── Material provided ──

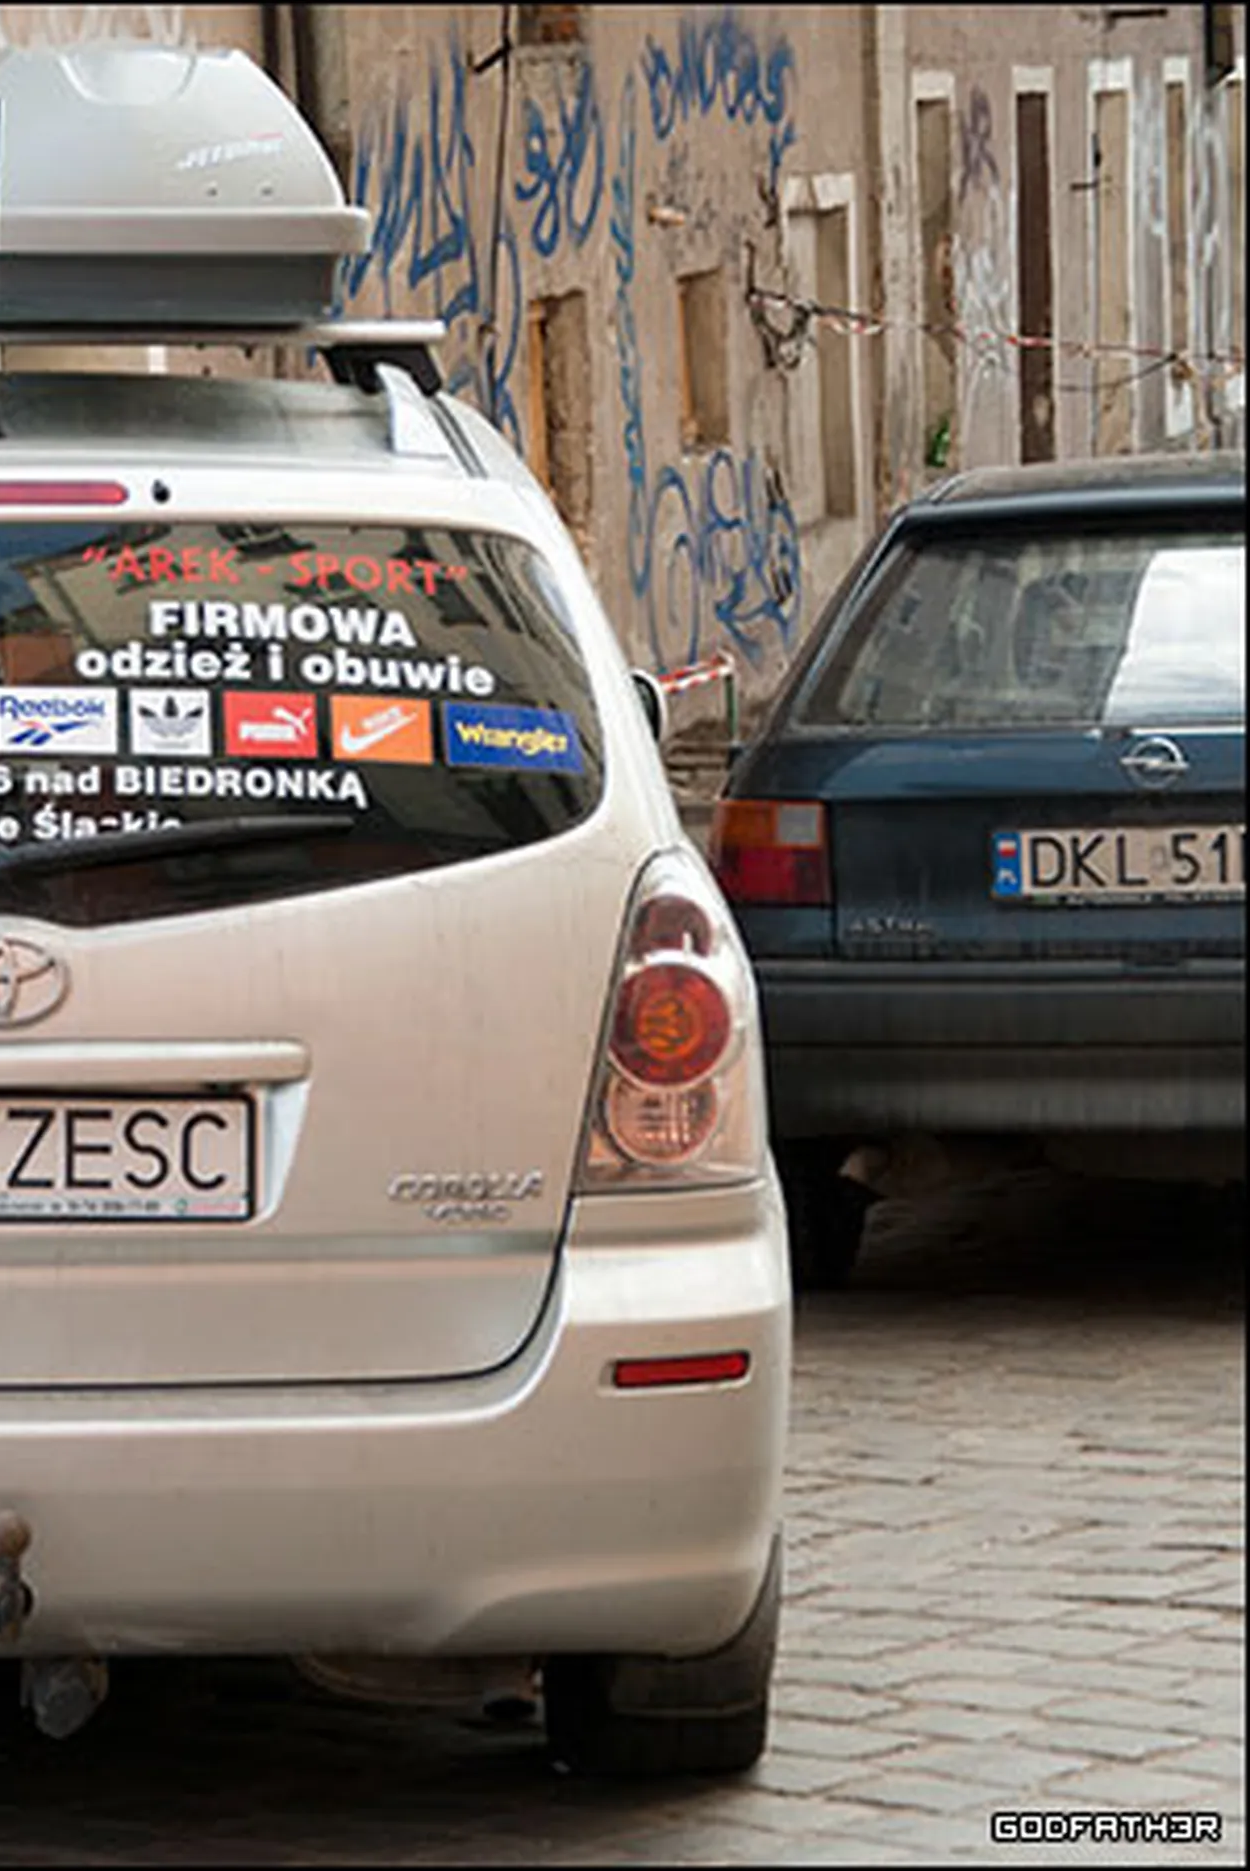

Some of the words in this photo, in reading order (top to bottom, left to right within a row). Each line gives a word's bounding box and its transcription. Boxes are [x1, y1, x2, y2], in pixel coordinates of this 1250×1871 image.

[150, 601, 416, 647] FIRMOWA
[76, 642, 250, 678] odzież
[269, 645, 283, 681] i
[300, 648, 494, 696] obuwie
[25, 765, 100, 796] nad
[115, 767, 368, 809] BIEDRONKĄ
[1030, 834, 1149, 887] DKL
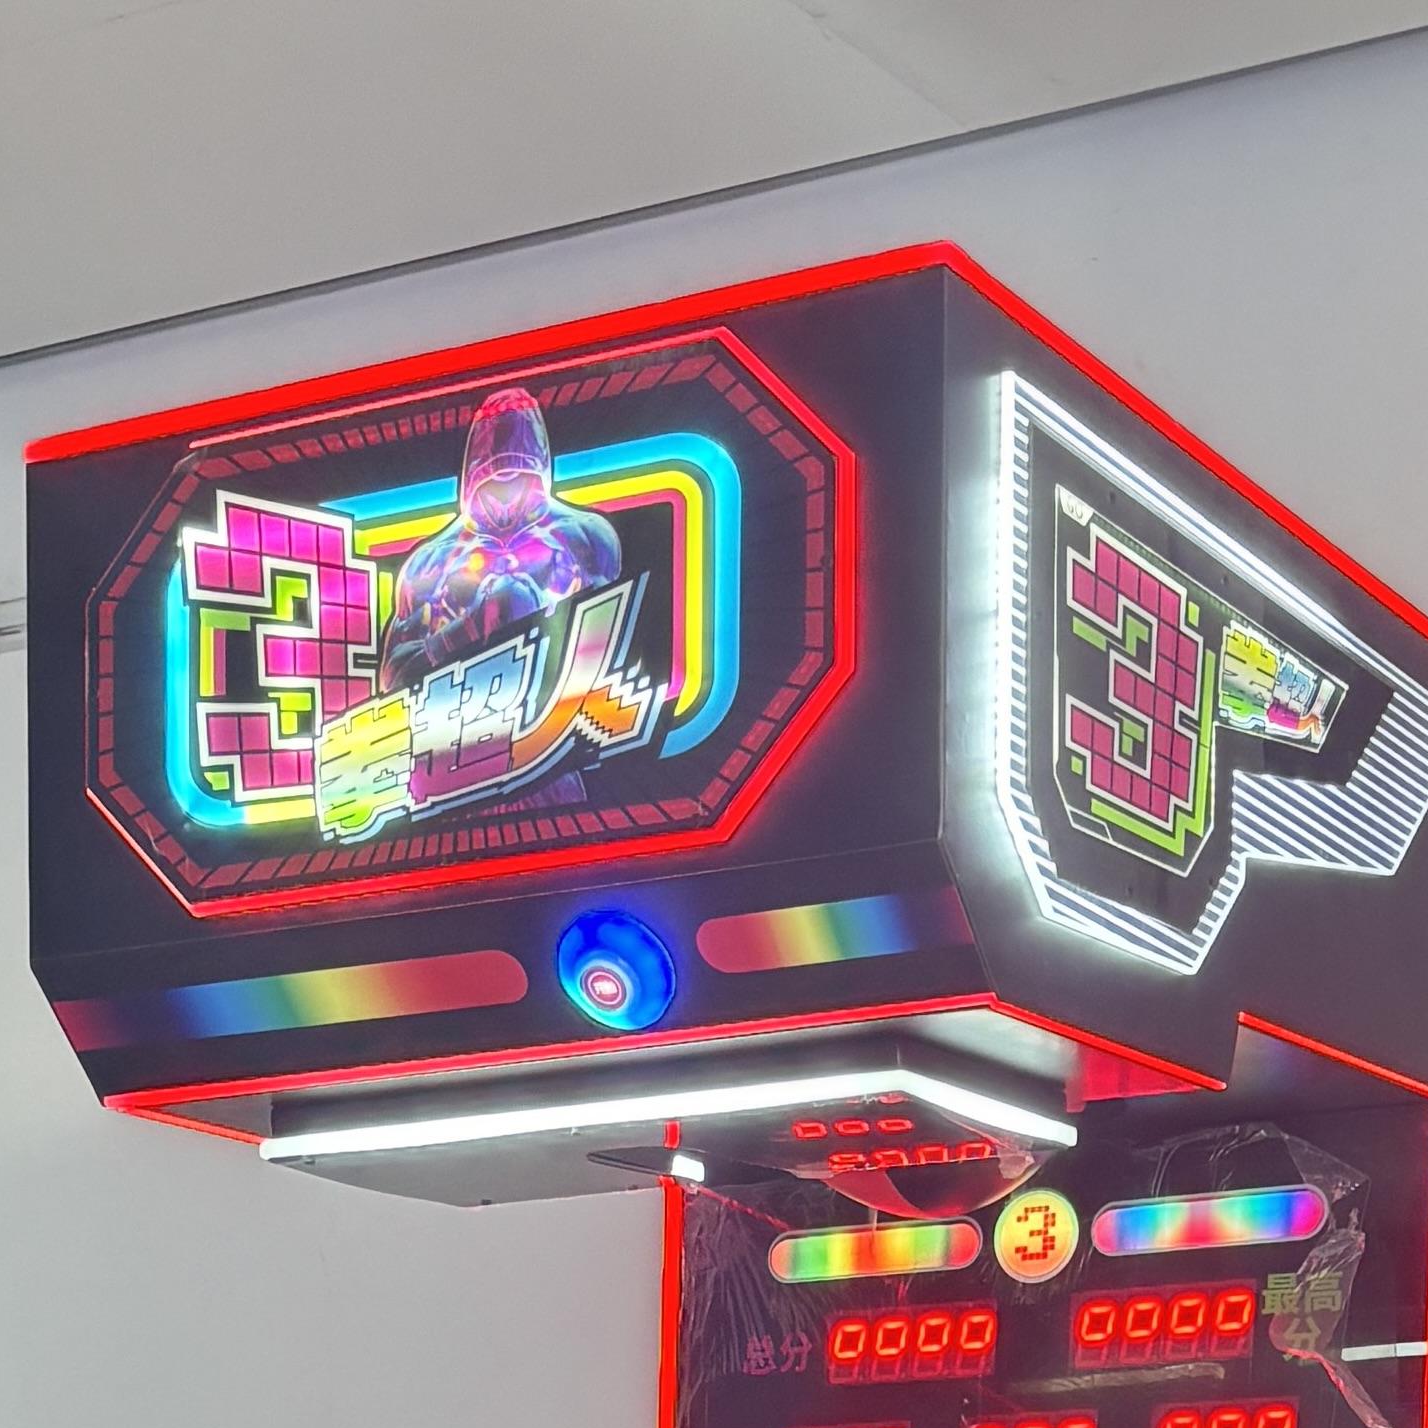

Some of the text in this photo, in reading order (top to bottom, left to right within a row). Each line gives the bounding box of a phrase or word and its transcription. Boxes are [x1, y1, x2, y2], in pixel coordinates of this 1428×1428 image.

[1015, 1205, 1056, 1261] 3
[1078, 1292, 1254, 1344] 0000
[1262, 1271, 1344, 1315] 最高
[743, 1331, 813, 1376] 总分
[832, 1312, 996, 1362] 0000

───

## Work required
Answer with the exact lines running from the one that contains "Some of the text" through the last line of the data. Include no other line.

## Reply
Some of the text in this photo, in reading order (top to bottom, left to right within a row). Each line gives the bounding box of a phrase or word and its transcription. Boxes are [x1, y1, x2, y2], in pixel coordinates of this 1428×1428 image.

[1015, 1205, 1056, 1261] 3
[1078, 1292, 1254, 1344] 0000
[1262, 1271, 1344, 1315] 最高
[743, 1331, 813, 1376] 总分
[832, 1312, 996, 1362] 0000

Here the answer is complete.